Dr. Barrett notes that there are a multitude of formulas that can be applied with these patients. “Once again, you have to look at the published data,” he says. “Some formulae do better than others with these eyes. What a lot of people do is look at the online ASCRS calculator, because the authors of that—Doug Koch, Li Wang and Warren Hill—critically examine the formulae they include and limit them to the ones that they’ve found provide better outcomes, so you don’t have to choose between 15 or more different formulae.

“Personally, I tend to use my own formula because it can be used for myopic, hyperopic and radial keratotomy eyes,” he continues. “Also, it can be used with or without the history of the change in refraction that was produced by the refractive procedure. If you do know the pre- and post-LASIK, -PRK or -RK refractions, the outcomes will tend to be even more accurate; but if you don’t, the True K formula still gives you a pretty good prediction.”

“The most robust method for estimating the effective corneal power is with topography/tomography where one uses thousands of points on the front and back of the cornea to estimate the ELP,” says Dr. Holladay. “Our group prefers the EKR65 measurement in the Pentacam’s Holladay report. This uses more than 10,000 points on the front and back of the cornea to determine the effective power over a 4.5-mm zone. Results have demonstrated a standard deviation of ±0.56 D for LASIK and ±0.96 D for RK. Sixty-seven percent of the cases will be within this tolerance.”

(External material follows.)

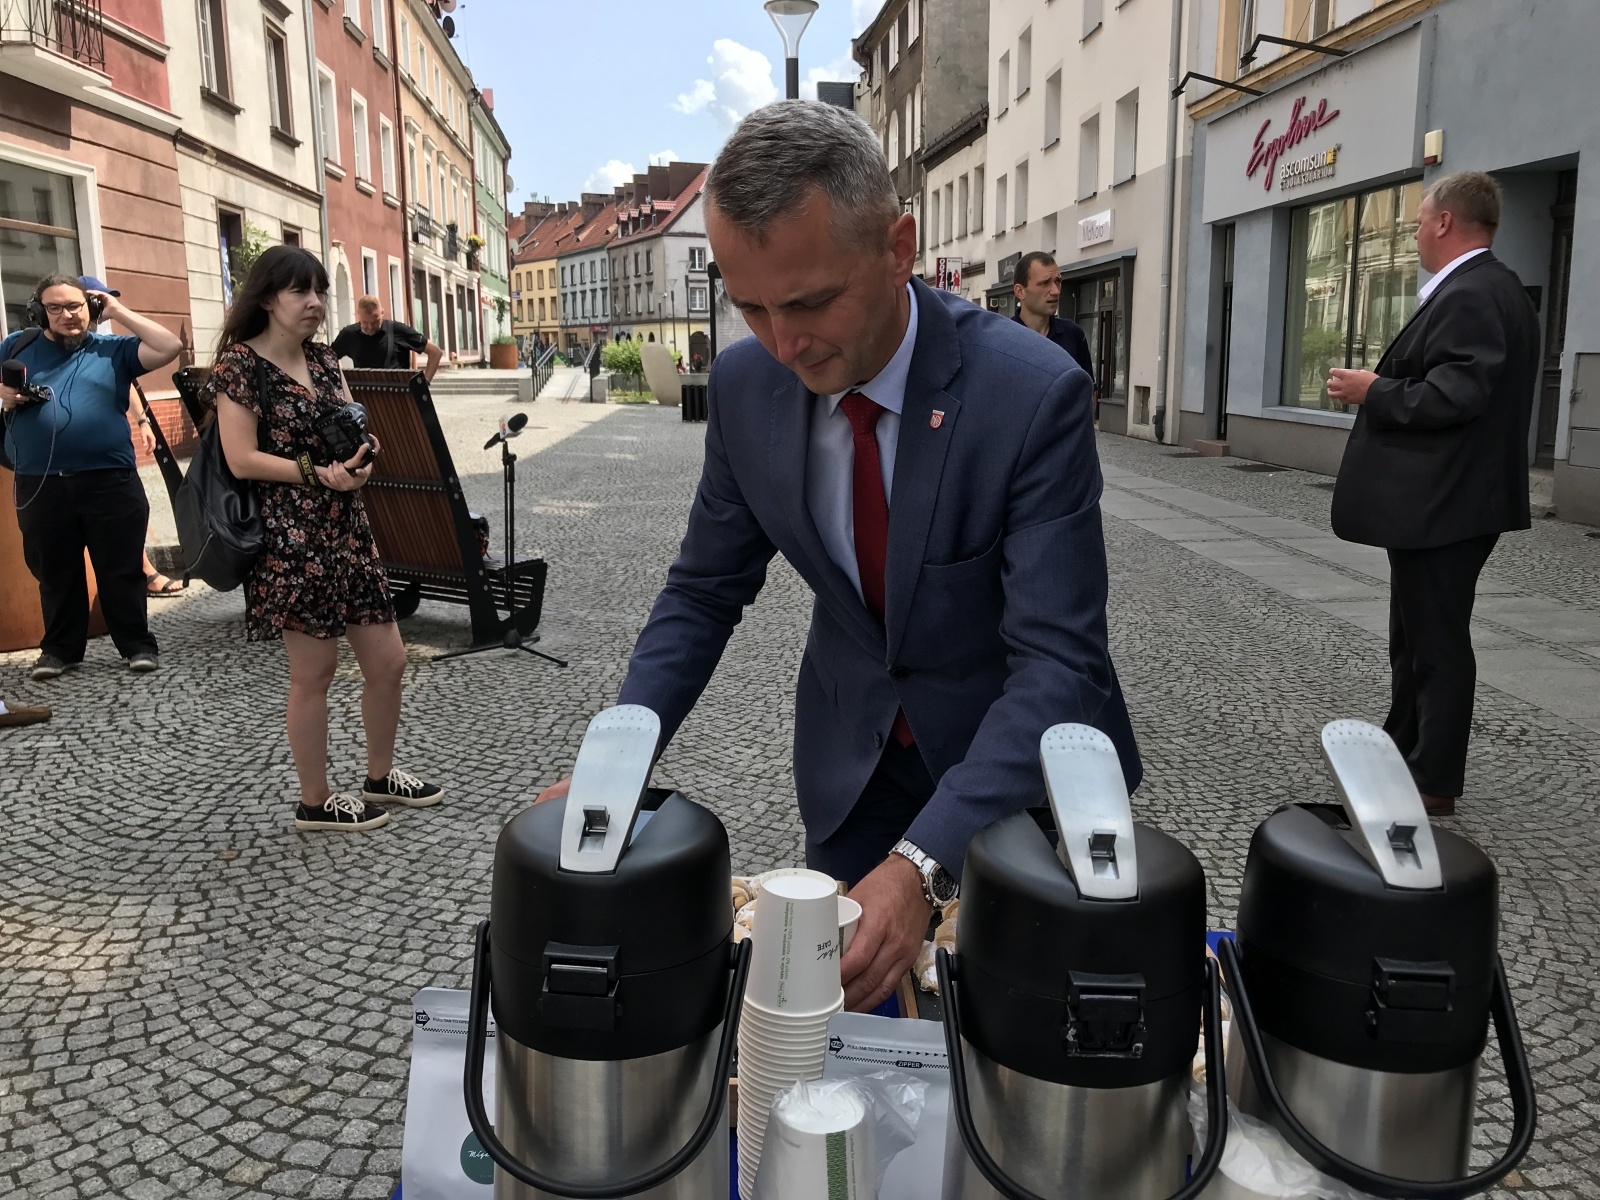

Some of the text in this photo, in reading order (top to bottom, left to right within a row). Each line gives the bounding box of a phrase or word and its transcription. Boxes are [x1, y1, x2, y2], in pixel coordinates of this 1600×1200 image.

[1246, 96, 1340, 191] Ergoline
[1280, 151, 1327, 179] ascomsun
[817, 940, 832, 952] CAFE

Dr. Holladay notes that different post-refractive formulas take the corneal refractive error caused by various amounts of treatment and generate a formula to compensate for that error. “The results will depend on the specific laser used for the treatment, since that will affect the postoperative shape of the cornea,” he points out. “Those formulas can work well for a specific laser.”

Dr. Holladay adds that using the K that was measured before the cornea was altered and the refractive change from the procedure, often referred to as the historical method, is still the gold standard for estimating the current corneal power. “If the pre-refractive Ks were accurate and the refractive change is stable—which is normally true for LASIK, though not for RK—then this method works well,” he says. “However, if the refraction has been affected by lenticular changes caused by the cataract, it doesn’t work.”

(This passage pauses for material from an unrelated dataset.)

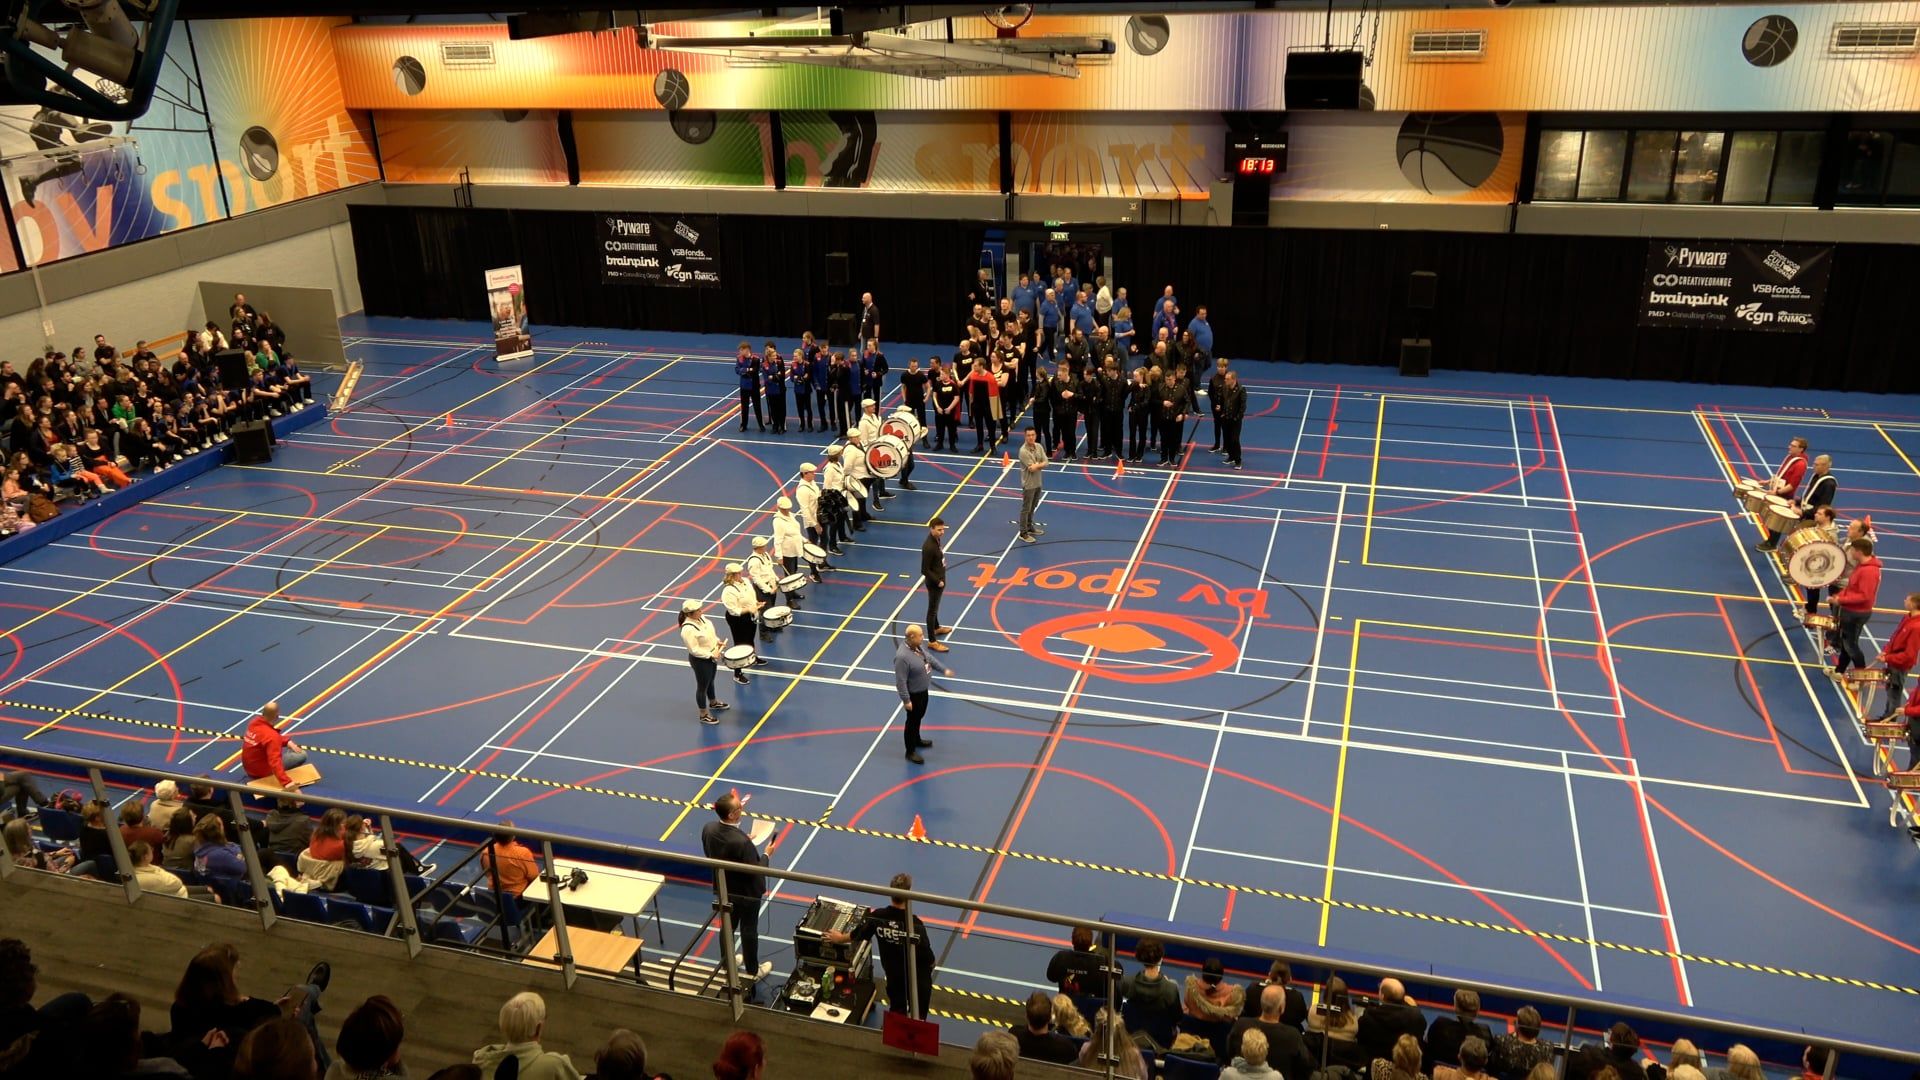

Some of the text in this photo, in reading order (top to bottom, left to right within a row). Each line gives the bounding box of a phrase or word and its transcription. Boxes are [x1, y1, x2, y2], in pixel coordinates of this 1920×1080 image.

7 What’s the best way to manage an eye with silicone oil?

 Dr. Barrett notes that predicting the correct IOL power in an eye that contains silicone oil is challenging. “The problem with optical biometry in this situation is that the refractive index is different for a lens facing a medium of silicone oil, resulting in inaccurate predictions,” he says. “That makes determining the required lens power quite complex. Using a convex plano lens, in which the back surface of the lens is plano, will help because the silicone oil won’t impact the calculation of required IOL power to the same extent. Unfortunately, those lenses are hard to find.”

Dr. Koch suggests that when you
Eyes containing silicone oil are problematic because the oil has a different refractive index that must be accounted for in the power calculation—unless the surgeon is certain that the silicone oil will be removed soon after the cataract surgery.
encounter an eye with silicone oil, the first question to ask is: Will the silicone eventually be removed? “I usually assume the patient is going to have the silicone oil removed, but I verify this with the retinal surgeon,” he says. “Also, most of these eyes have limited visual potential, which must be discussed with the patient.

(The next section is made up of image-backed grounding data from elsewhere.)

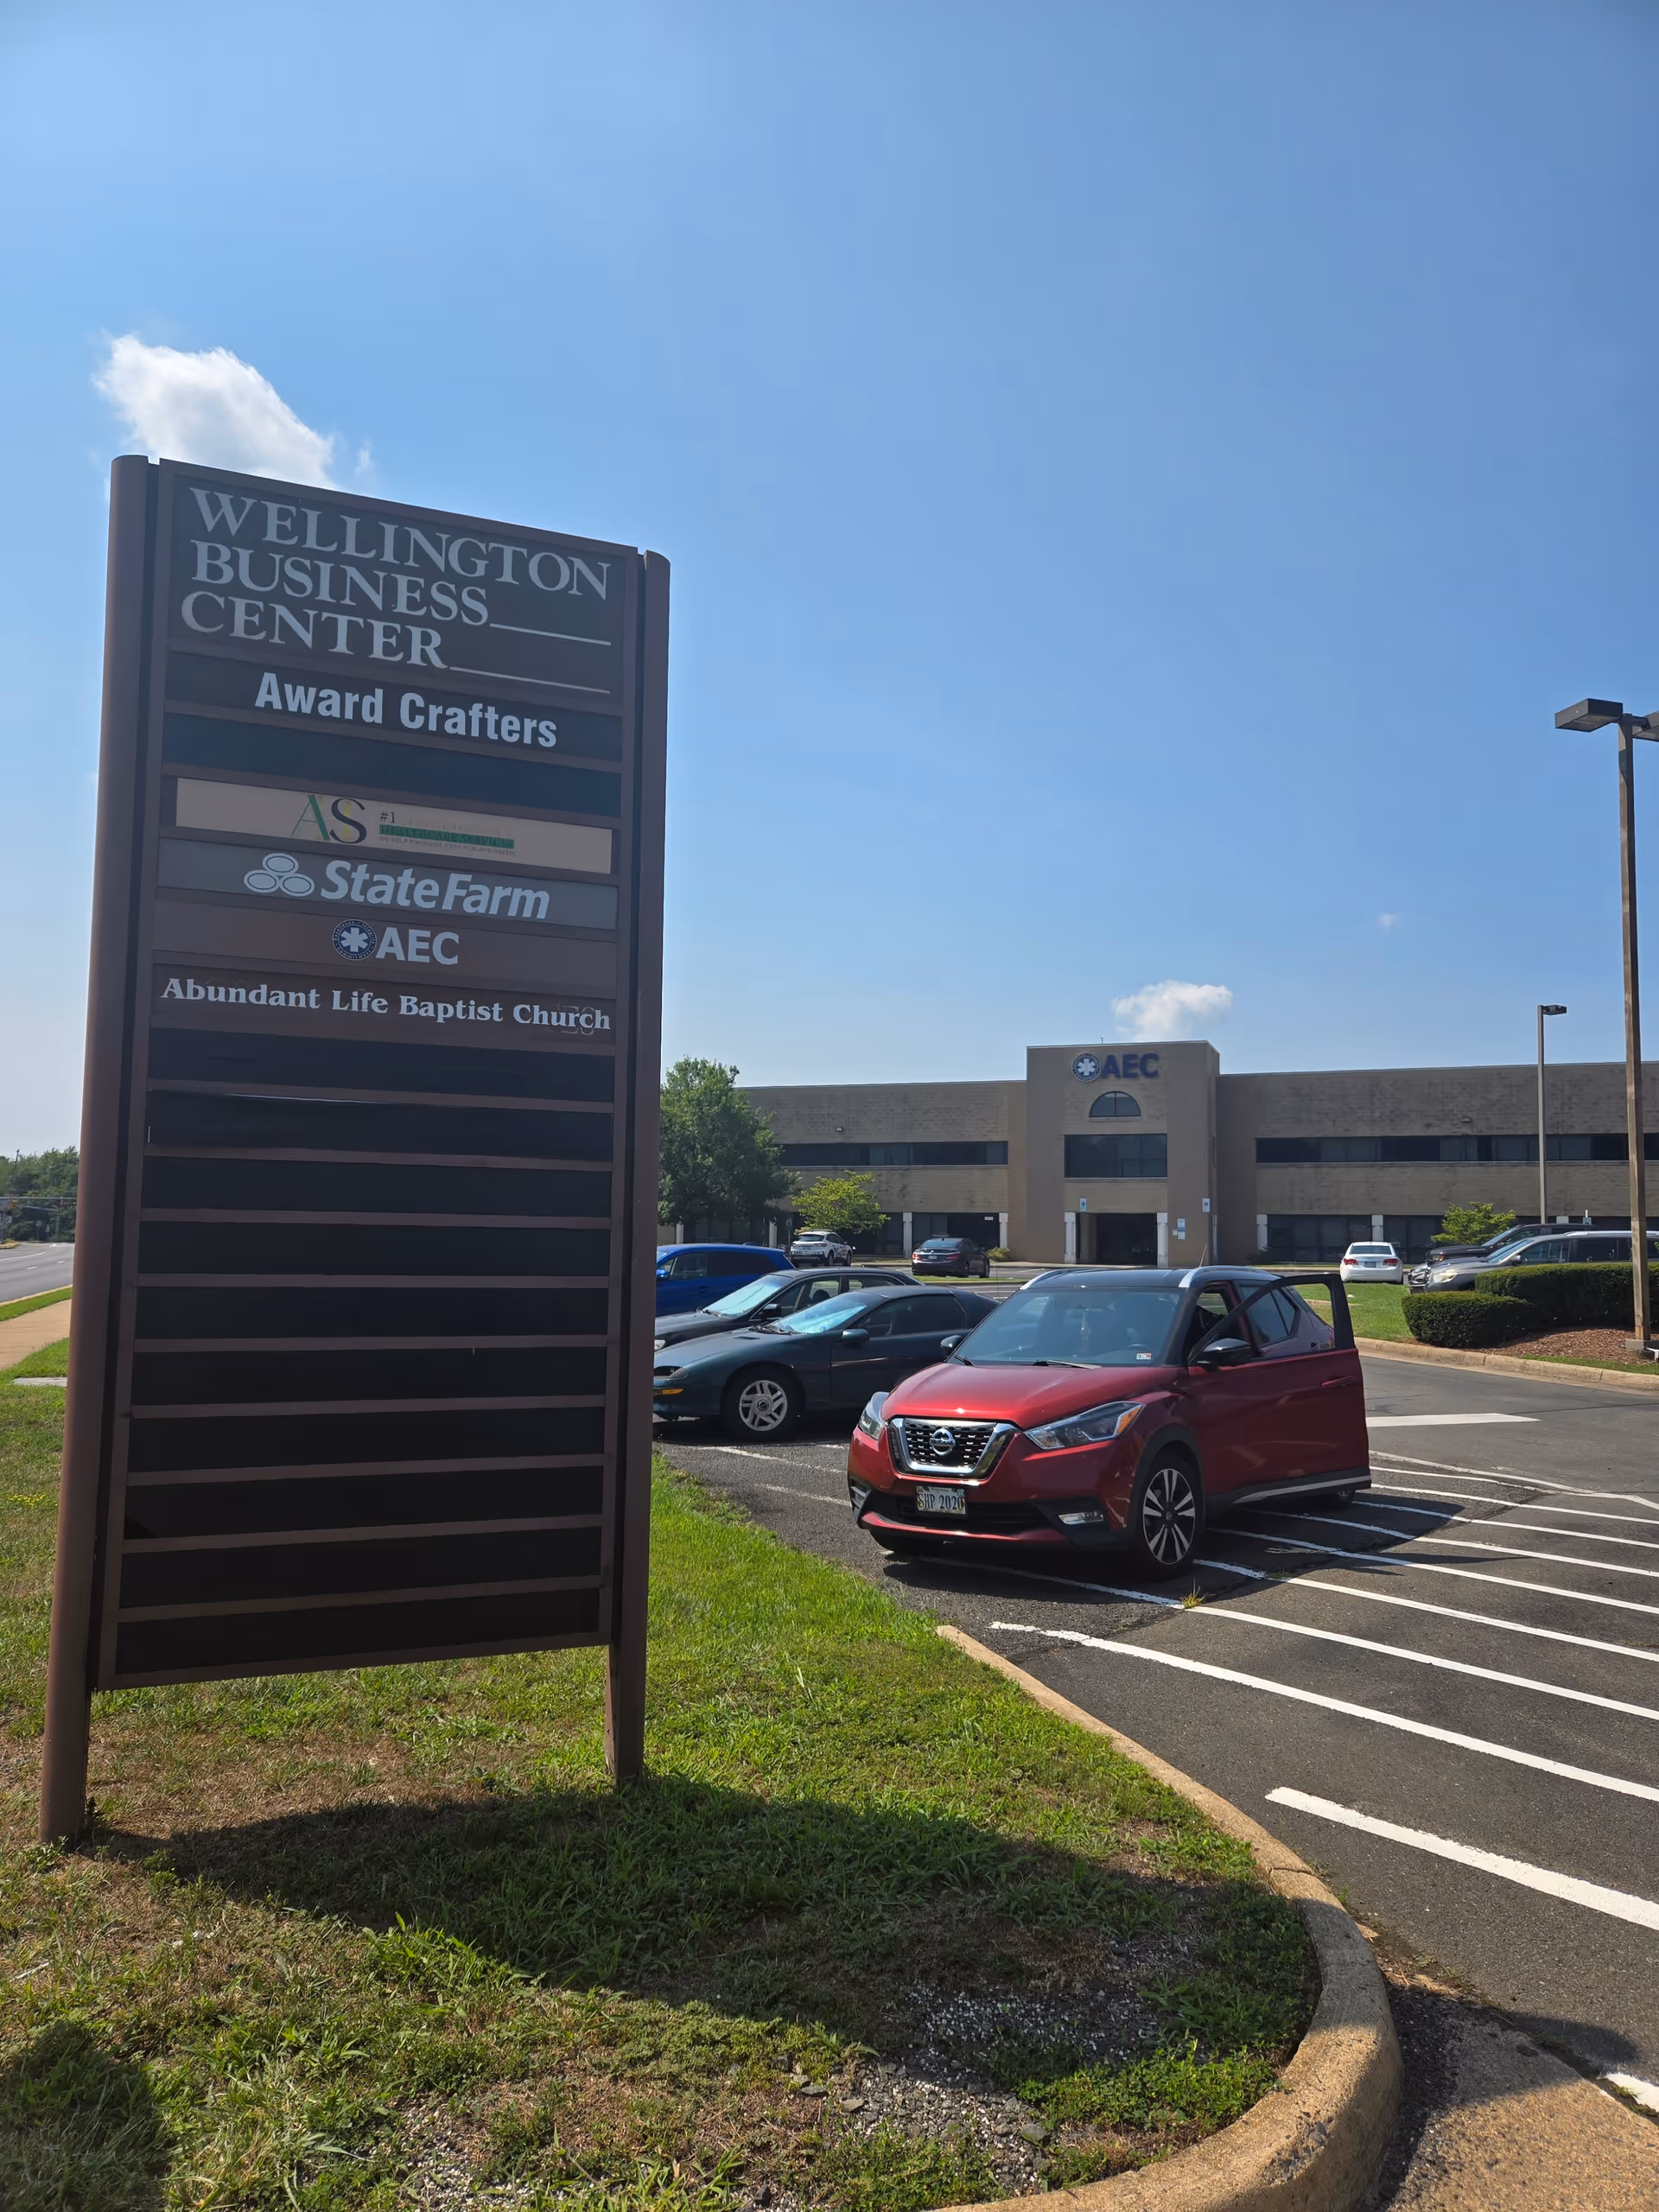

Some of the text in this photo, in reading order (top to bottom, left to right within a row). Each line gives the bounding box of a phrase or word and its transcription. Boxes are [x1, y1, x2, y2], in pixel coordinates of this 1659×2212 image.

[189, 487, 611, 601] WELLINGTON
[190, 539, 489, 626] BUSINESS
[181, 591, 448, 669] CENTER
[255, 671, 557, 748] Award Crafters
[290, 794, 367, 844] AS
[379, 810, 397, 823] #1
[375, 927, 460, 965] AEC
[161, 978, 611, 1030] Abundant Life Baptist Church
[1101, 1052, 1160, 1079] AEC
[918, 1493, 963, 1510] SHP 2020

“Fortunately, most optical biometers measure eyes with silicone oil with minimal difficulty,” he continues. “If you use ultrasound, then you have to use immersion ultrasound and segment the eye, inserting the refractive index for that particular silicone oil when you’re calculating the axial length. Of course, if you leave the silicone oil in and put in a standard IOL, the patient is going to be very hyperopic until the silicone oil is removed. But being hyperopic for a brief period will be worth it for the patient in the long run.”

“Luckily,” notes Dr. Barrett, “encountering an eye with silicone oil is not a common occurrence, and removing the oil prior to cataract surgery will avoid the complexities of formulae prediction.”

8 Does using a toric lens alter the spherical correction?

 “An astigmatism correction [in the IOL] shouldn’t affect the spherical calculation significantly,” says Dr. Barrett. “In theory this could be an issue, because an astigmatism correction could potentially alter the lens structure and the principal planes, impacting the spherical correction. However, the manufacturer can compensate for that. The more sophisticated companies utilize optic designs that ensure that the principal planes of the lens remain equivalent for a given spherical-equivalent lens power, regardless of whether it’s a T2 or T9 toric equivalent. Of course, different companies manufacture their toric lenses differently, so it’s possible that this concern may not always be addressed. But in my experience—using the more common toric lenses—I haven’t found any difference in spherical outcomes using a toric vs. a non-toric lens.”

9 What steps can I take to maximize the likelihood of getting better outcomes?

These strategies will help:

Optimize your lens constants. Dr. Hill notes that the lens constants provided by the manufacturer can be more than a half-diopter different from a surgeon’s own lens constants. “If you want to improve your outcomes, lens constant optimization is essential,” he says.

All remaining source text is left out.